J'ai la conviction que l'iconographie du passé dans toute son extension apporte la preuve de la pertinence de ce qu'Ouspensky écrit sur l'icône ainsi que de sa manière de peindre. Quand il parlait du "canon iconographique", il ne faisait pas seulement allusion aux Saints Canons eux-mêmes mais aux Saintes Icônes qui sont parvenues jusqu'à nous.
[P.4]
"Depuis longtemps déjà, on a constaté qu'il n'existe pas d'icône pareille l'une à l'autre: en effet on ne rencontre jamais deux icônes peignant le même sujet qui soient entièrement semblables (sauf dans certains cas de nos jours lorsqu'il s'agit de copier exprès). On ne copie pas les icônes, on les peint à partir de et ces reproductions sont libres et à chaque fois créatrices." (Ibid, p. 43)

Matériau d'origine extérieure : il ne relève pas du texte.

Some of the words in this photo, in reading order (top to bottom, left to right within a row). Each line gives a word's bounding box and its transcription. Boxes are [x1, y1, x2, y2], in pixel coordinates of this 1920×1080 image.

Ainsi, au lieu de décalquer, il fallait dessiner. La liberté viendrait de la pratique, de la fréquentation des icônes anciennes, d'une compréhension grandissante de l'enseignement de l'Eglise, tout en vivant de la vie de l'Eglise. En copiant ou en reproduisant d'autres icônes, il semble qu'il y ait un encore plus grand besoin de comprendre le canon iconographique et d'étudier les icônes anciennes à la lumière des saintes Ecritures, de la prière liturgique et de l'enseignement patristique. Léonide Alexandrovitch n'a jamais considéré l'icône comme autre chose que l'art de l'Eglise elle-même:
"Ainsi, on ne peut comprendre ou expliquer l'art sacré en dehors de l'Eglise et de sa vie. Une telle explication restera toujours partielle et incomplète. En relation avec l'art sacré lui-même, elle sera fausse."

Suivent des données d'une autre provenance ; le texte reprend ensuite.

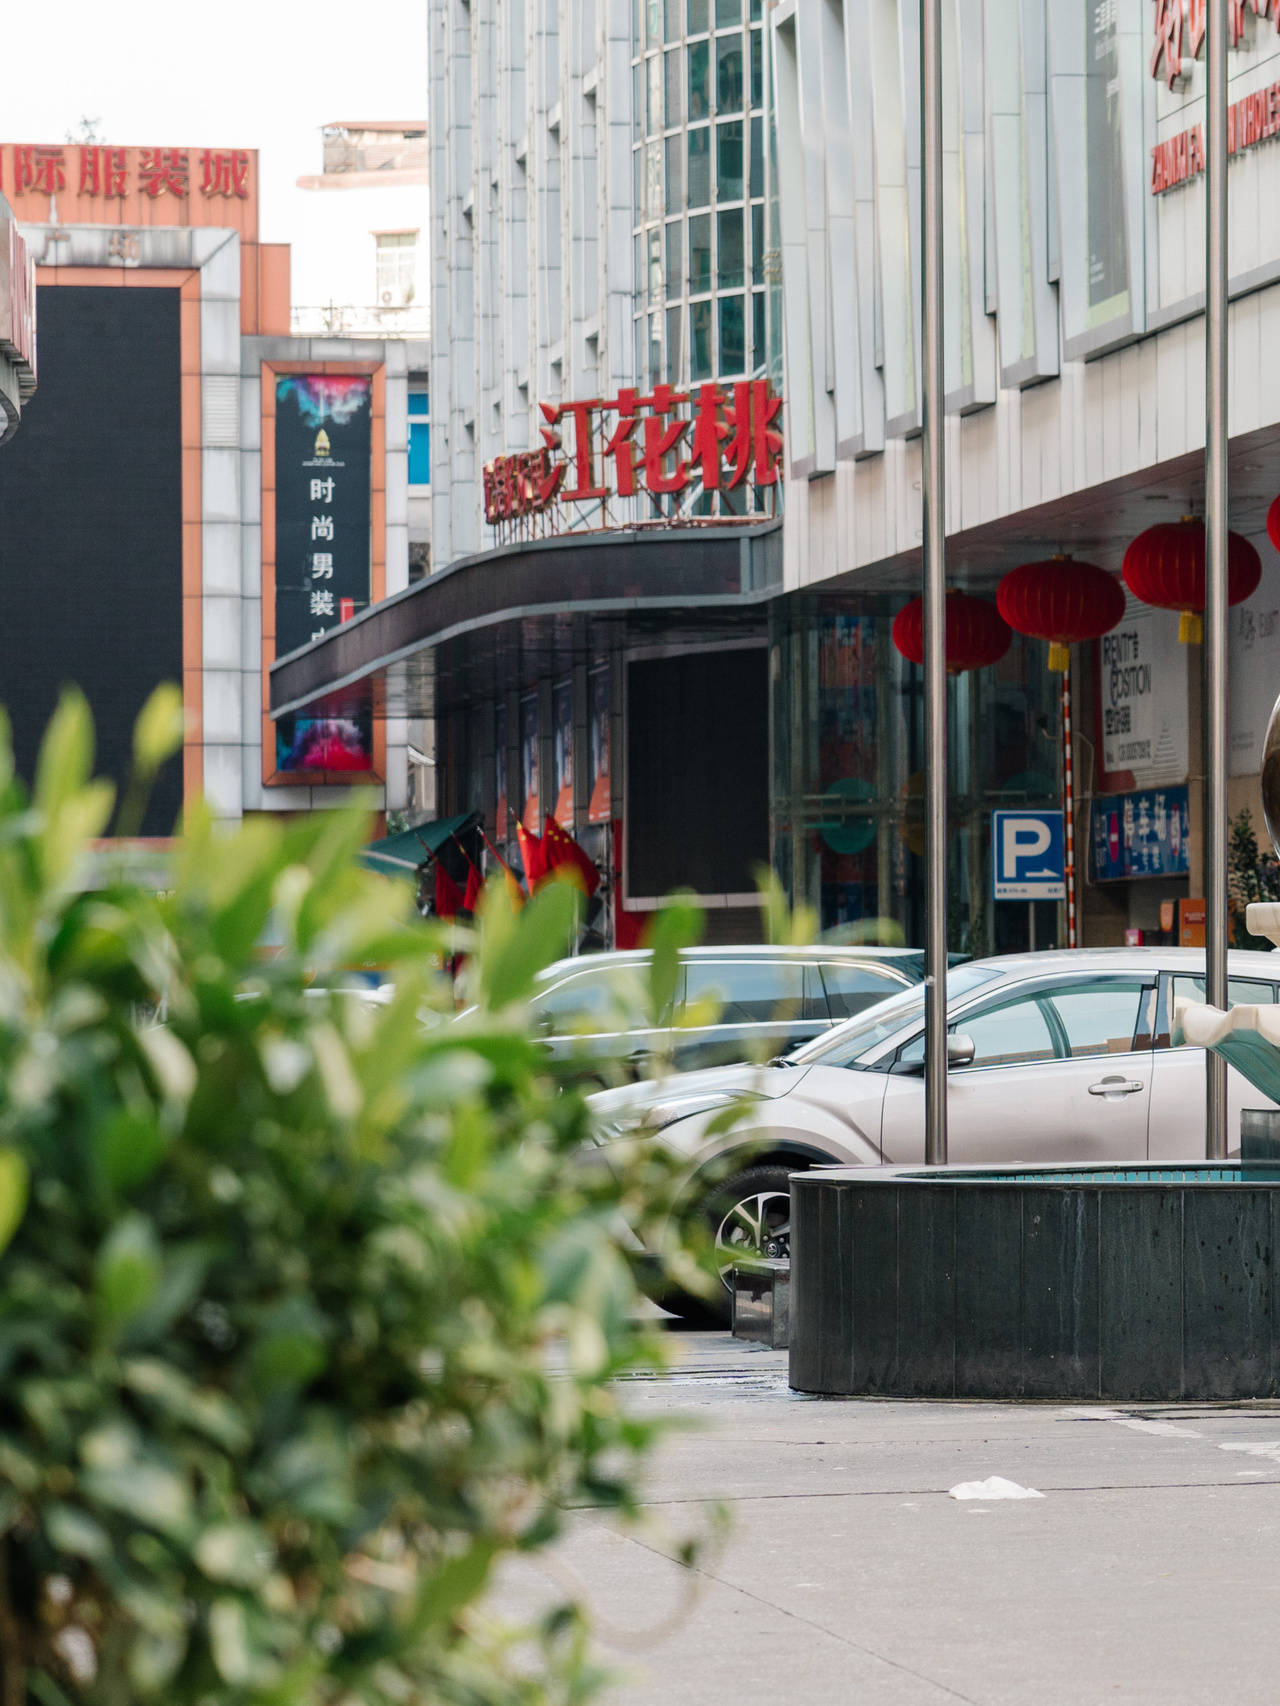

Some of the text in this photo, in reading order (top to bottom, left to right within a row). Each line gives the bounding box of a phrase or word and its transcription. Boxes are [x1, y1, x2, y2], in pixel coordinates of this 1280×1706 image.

[0, 146, 249, 198] 际服装城
[309, 476, 336, 642] 时尚男装
[1003, 818, 1052, 879] P

3-"La Main est le Meilleur Outil"
Je demandais à Ouspensky quels étaient les outils qu'il utilisait pour le dessin, compas, règles? Il resta un moment silencieux puis leva sa main et répondit,
"La Main. La main est le meilleur outil". Ceci fut dit en russe, en français et en anglais.
Il avait pour règle de ne pas utiliser de règle, ni de compas ni aucun instrument de mesure pour dessiner les icônes sur la planche: il dessinait à main levée. On peu le constater aisément sur ses icônes. Ceci avait pour conséquence que sa main était absolument sûre, il peignait et dessinait les lignes sur ses icônes avec une précision, une liberté et une autorité rarement trouvée chez les peintres modernes.
Cette nuit-là, la conversation se poursuivit très tard; il me semblait que plus je posais de questions, plus j'en avais de nouvelles. Finalement, vers une heure du matin, Lydia Alexandrovna se tourna vers moi et dit (elle devait répéter souvent cette phrase à l'avenir): "Et maintenant monsieur Doolan, je crains d'avoir à vous mettre dehors!". Je remerciais mes hôtes, rangeais mes affaires et partis - un peu étourdi et ému d'avoir rencontré et parlé avec le maître. Je pensais par la suite cette nuit-là que mon voyage avait déjà été merveilleux. J'étais excité par le travail qui se trouvait devant moi, même si je sentais bien qu'après avoir vu Léonide Alexandrovitch j'en savais moins qu'avant. Bien que j'ai mentionné que je n'avais pas fixé la date de mon retour aux USA, je ne savais pas si je reverrai encore les Ouspensky car ils n'avaient pas parlé d'une éventuelle autre visite. [P.5] Ils avaient gardé le silence quand je le leur avais dit. Mais le matin suivant, Lydia Alexandrovna téléphona aux personnes chez qui j'habitais et leur dit: " Léonide va prendre ce jeune homme comme élève. Dites-lui de venir à la classe de la rue Pétel samedi après-midi et d'apporter un crayon et du papier." C'est ainsi que je devins l'élève de Léonide Ouspensky.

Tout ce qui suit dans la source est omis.